Addicted to ignorance on drug abuse

Let common sense prevail when – at last – the  Commons opens itself up to a debate on drugs

Few areas of public policy are as badly served by our political classes as that governing drug use. There is very little incentive for any politician even to suggest a rational approach to the problem. If the press doesn’t finish off your career, then your political opponents, usually hypocritically, will use the supposedly maverick suggestion as a golden opportunity to smear and discredit you. If you happen to be a progressive sort, you will be dubbed “high on tax and soft on drugs” or the like, quite often by people who are even on the left themselves – people who should know better and who, in reality, but very privately, most likely share the same outlook.

Caroline Lucas, the Green Party MP for Brighton Pavilion, and a few other brave parliamentarians are therefore to be congratulated on today securing the first Commons debate in decades about drugs. It will be interesting, and heartening, to see how many of our elected representatives are prepared to speak up on behalf of constituents who have been so wilfully misled about the war on drugs.

It is no great surprise that Theresa May’s Home Office has taken its time to publish the latest evidence on this “war”. Mrs May is too careful a politician to allow herself to be rushed over such a radioactive topic. So far as can be gleaned from a report that appears to have been suppressed, it suggests that there is no strong causal link between drugs consumption and the penalties for getting caught possessing, trading or using them. Well, we knew that. Like much of this kind of research, it accords with common sense and everyday experience.
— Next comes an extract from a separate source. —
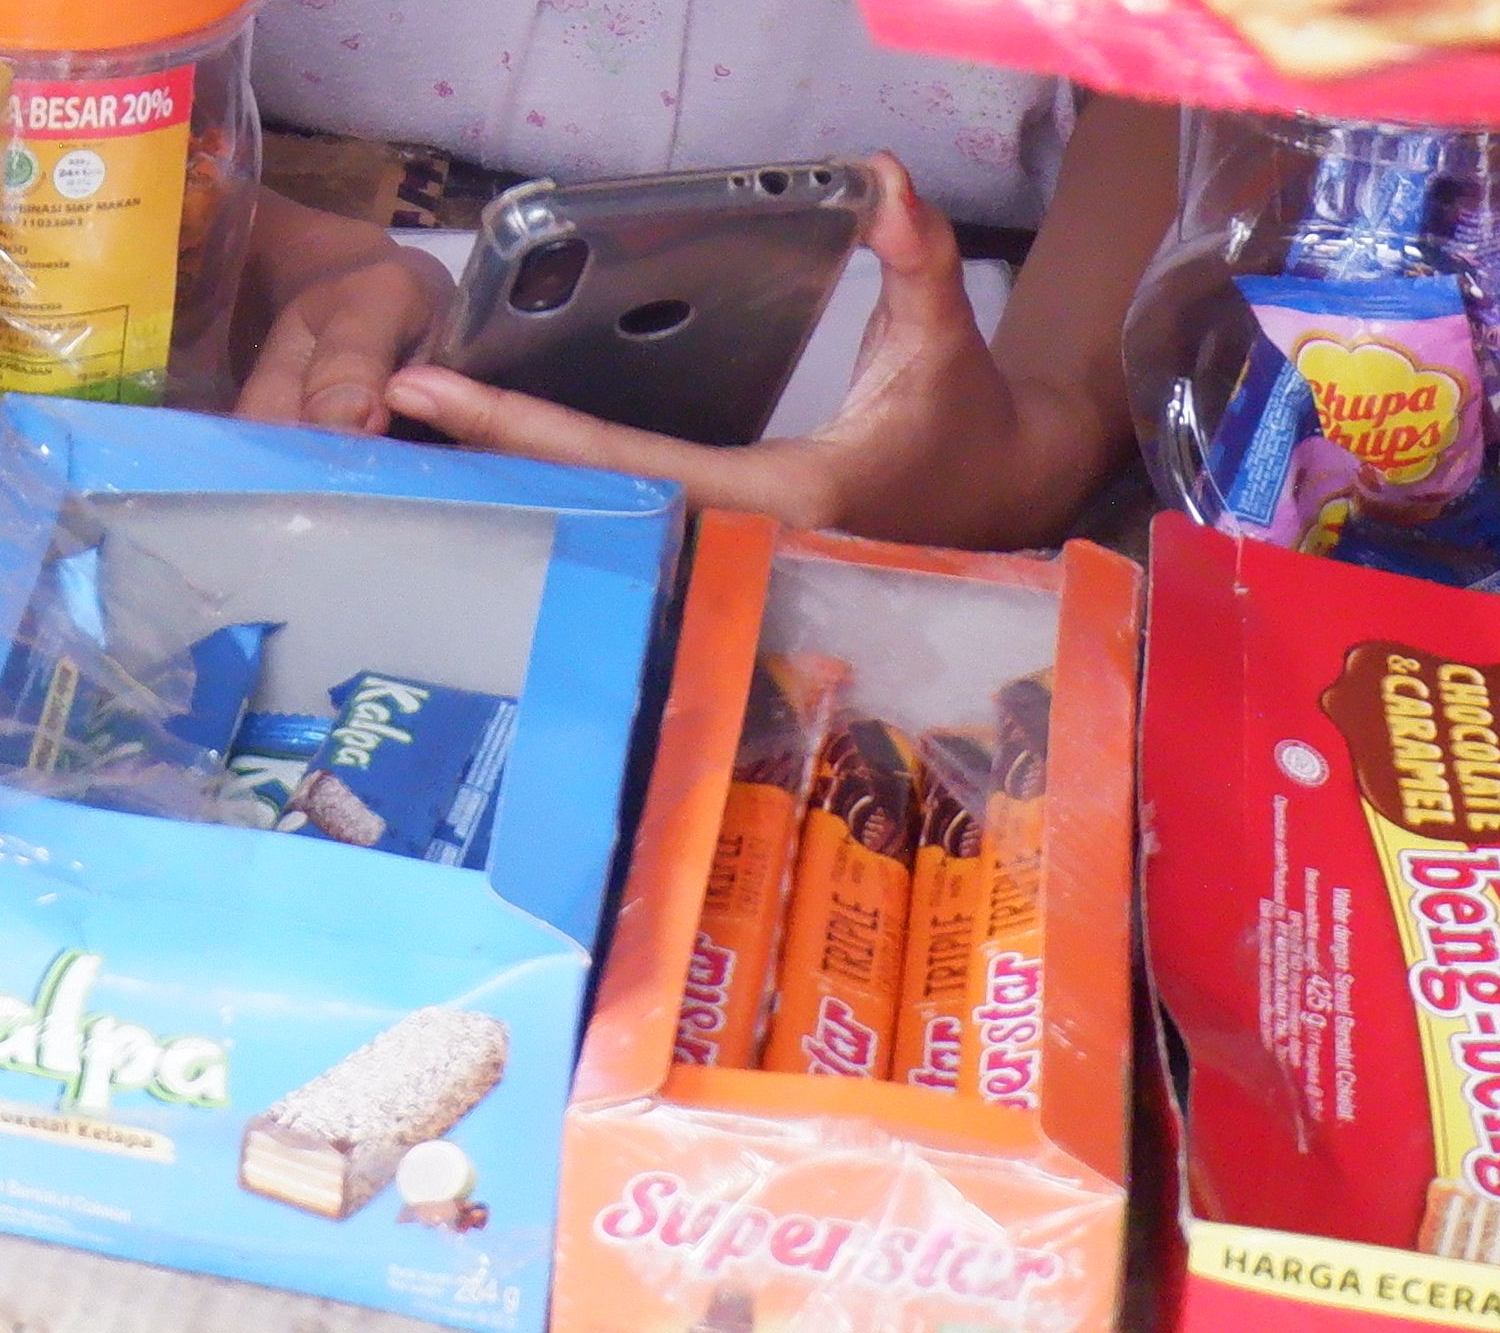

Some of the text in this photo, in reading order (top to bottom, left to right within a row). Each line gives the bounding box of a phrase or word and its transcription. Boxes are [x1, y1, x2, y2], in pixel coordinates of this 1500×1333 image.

We all know, most likely from direct personal experience, that the chances of being convicted of a drug offence are fairly slim, and so the scale of the punishment is correspondingly irrelevant. The chances of being apprehended, are, in turn, slim to nil. These substances, it hardly needs to be repeated, are lucrative to smuggle and addictive to their consumers, so it is no great surprise that the trade in them will be fairly resistant to the usual strictures of law and order. The profitability of the drugs trade is directly the result of its illicit nature. If it were liberalised the usual forces of competition would apply, and the drugs themselves could be more safely controlled and regulated to prevent adulteration and variations in strength, the causes of many an overdose. Like alcohol and tobacco, they would remain dangerous and addictive, but like those drugs, those that are presently illegal, or at least some of them, would be controlled sensibly.

The addictive nature of drugs – an obvious point – is also the reason why harsh criminal penalties are ineffective. When a user craves a fix and their addled mind becomes distorted by the very drug they seek, the reasoning that would usually make a severe sanction effective as a deterrent becomes distorted.

Which brings us to the most important failing of the many we have suffered over drugs: the failure to see drug use for what it is – a health issue rather than a criminal one. Addicts are as varied as non-addicts, and each needs their own treatment tailored to them to help them beat their habit or at least manage it. They do not need to be hit with a criminal record and a jail sentence, neither of which are recognised medical solutions. Again, as is a matter of common knowledge, a prison, with its thriving trade in illegal substances, is really the last place an addict should be sent. One day such obvious truths will be acknowledged. Until then, there will be more suppression of the hard truths about hard drugs.